Bol karamelli kahvemi yudumlarken kısıkça kulağıma gelen Enrique şarkısını dinliyordum. Artık sadede gelmeliydim.. Her şeyi bir kenara bıraktım ve Brad'le konuşmaya başladım.
"Brad, sen güçlü bir çocuksun fakat bu yeterli değil. Sen.. " durdum. Ona birşeyleri belli etmeden nasıl anlatabilirdim ki? Daha hazır değildi. Bunu biliyordum. Devam ettim. "Sen kontrolü eline almalısın. Biz buna seviye atlamak diyoruz. Güçlerin lastik gibidir. Zamanla onu kullandıkça gerilip kopacak ve seni serbest bırakacak bir lastik. Ne kadar gerersen o kadar kolay kopar fakat bu süreçte yapman gereken şeyler var." dedim. Kafası
karışmış gözükmüyordu.

        "Bunun için bana birkaç tavsıye vermeye ne dersin?" diye sordu.

          Ellerimi birleştirdim. "Aslında seninle konuşmak istediğim de buydu. Öncelikle sana açıklamak istediğim şeyler var." dedim. Bir anda bütün ciddiyetini toplayıp bana odaklandı. Beklediği ve hep merak ettiği birşeyi öğrenecekmiş gibi garip davranıyordu ve bende söyledim. "Bu süreçte aşık olamazsın Brad." Afallamıştı. Sanki duymak istediği farklı şeylerdi. Tanrım, ona yanlışlıkla dokunurum ve gözlerim onun gözlerinden bakar diye çok korkuyordum. Bu cevabı beklemediği kesindi. Ama onun zarar görmemesi adına konuşmaya devam etmeliydim. "Evet, Brad. Kurallara uygun oynamak istiyorsan aşk yok." dedim.

      "Peki, ama aşk irade dışı bir şeydir. Ayrıca güçlerimle bunun ne alakası olduğunu anlamıyorum Adele." Yüzündeki şapşal ifadeye baktım. Kendimi gülmemek için zorladım ve devam ettim.

     "Bak, Brad.
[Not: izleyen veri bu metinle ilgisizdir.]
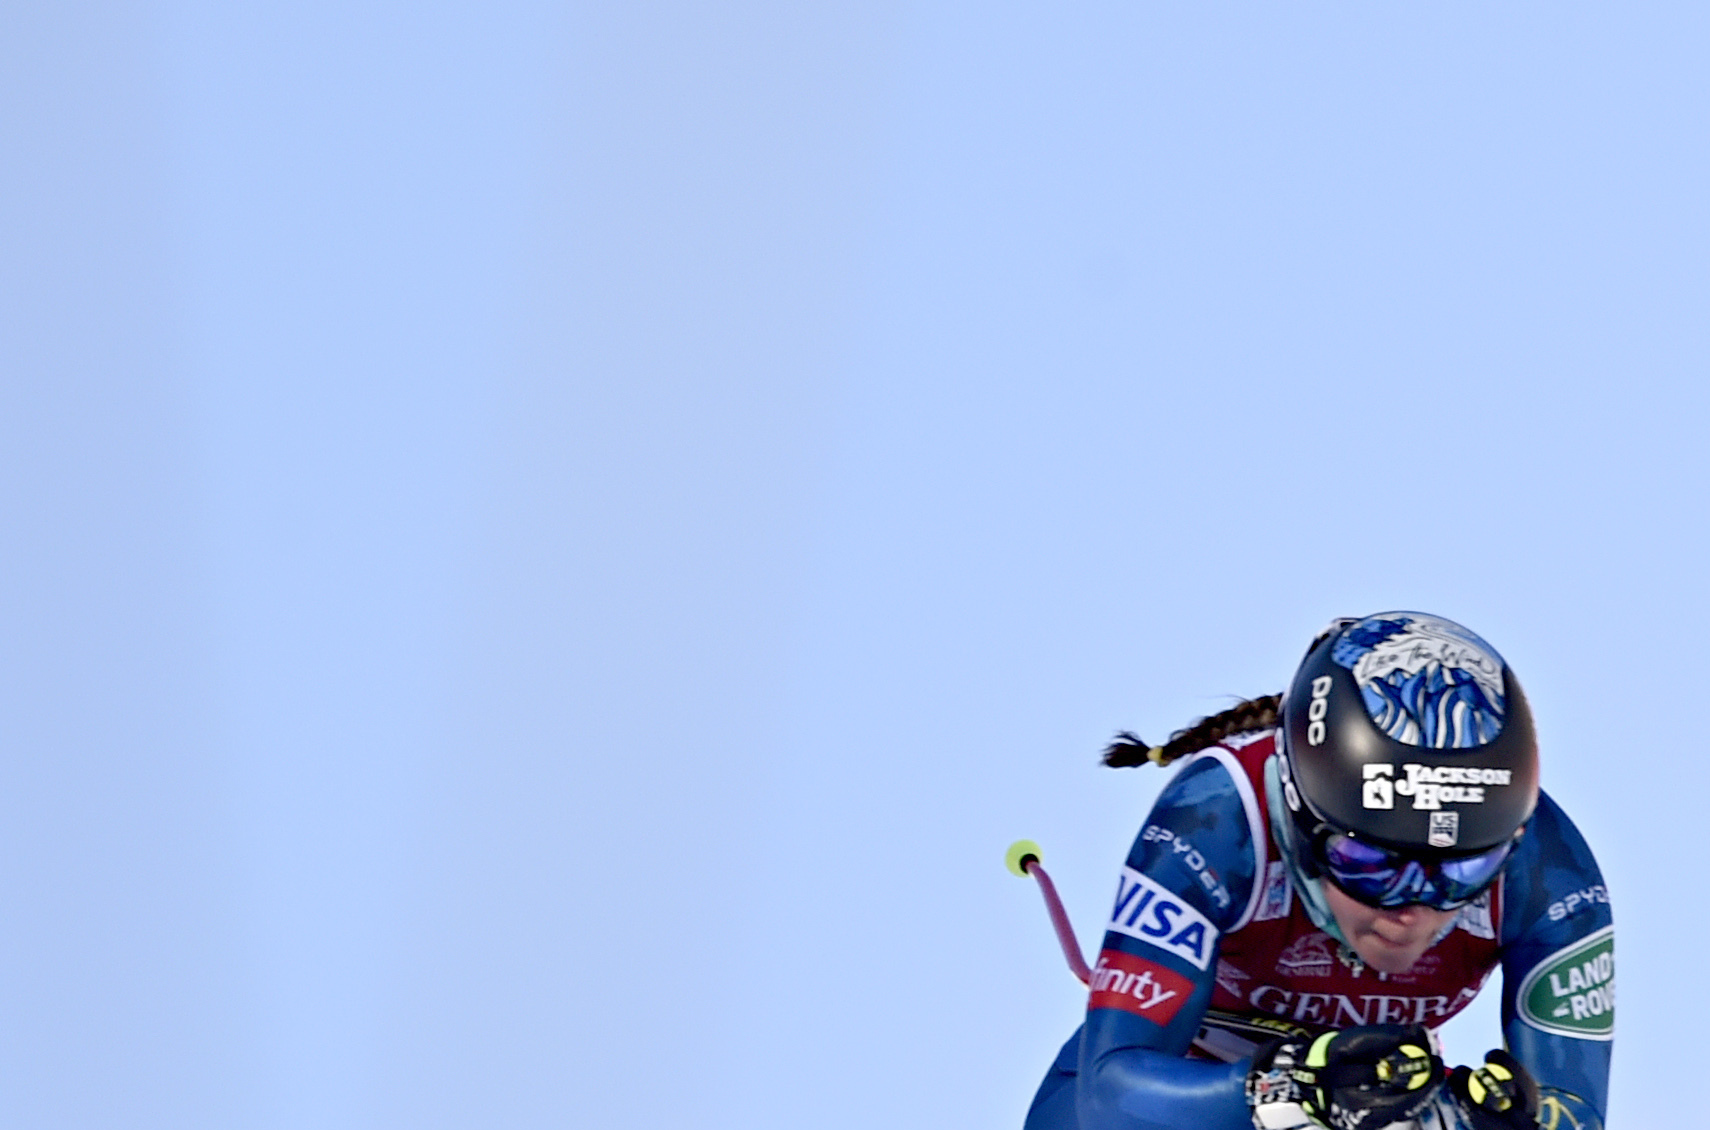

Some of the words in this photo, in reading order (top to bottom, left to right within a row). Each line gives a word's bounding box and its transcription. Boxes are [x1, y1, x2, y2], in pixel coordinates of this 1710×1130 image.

[1142, 825, 1231, 909] SPYDER
[1112, 875, 1206, 961] VISA
[1548, 885, 1611, 921] SPYD
[1550, 951, 1613, 998] LAND
[1248, 984, 1480, 1029] GENERA
[1570, 980, 1616, 1021] ROV
Âşık olmak irade dışıdır ama âşık olan biri gücünü kaybeder, gücüne hâkim olamaz. Duygularını kontrol edemeyen biri kendini nasıl edebilir ki? Ne Emly ne de senin gücünüzü kullanmamanız demek; ileri de çok büyük sorunlar yaşayacağız demek. Aşık olan insanlar düzgün düşünemezler. Düzgün düşünmeye ihtiyacın olacak bana inan. Ama asla acı çekmemek için başkalarına acı çektirtme de. Bu senin karanlık yönünü..." durdum. Aklıma gelen şeylerle boğuştum ve konuşmaya devam ettim. "ortaya çıkartır. Buna izin veremeyiz. Bu bir..."

      "Daha var yani." dedi ve güldü. Kelimelerin üzerinde durmamıştı. Özellikle karanlık olan kısmı soracağını tahmin ediyordum fakat sormamıştı. Acaba beni dinlemiyor mu? diye düşündüm. Bir dokunuşla öğrenebilirdim fakat sözüm söz biriyimdir. Bunu ona yapamam.Aklımı tekrar konuşmaya yönlendirdim. " Olmaz mı, ne sandın. Pekâlâ küçük adam. 'Ağlamak yok' ya da şöyle izah edebilirim. Yalnız ağlayacaksın. Gözyaşlarını hiç kimse görmeyecek." dedim. Sonuçta herkesin içinde ağlayan bir yüce gücü kimse benimsemek istemeyecektir değil mi?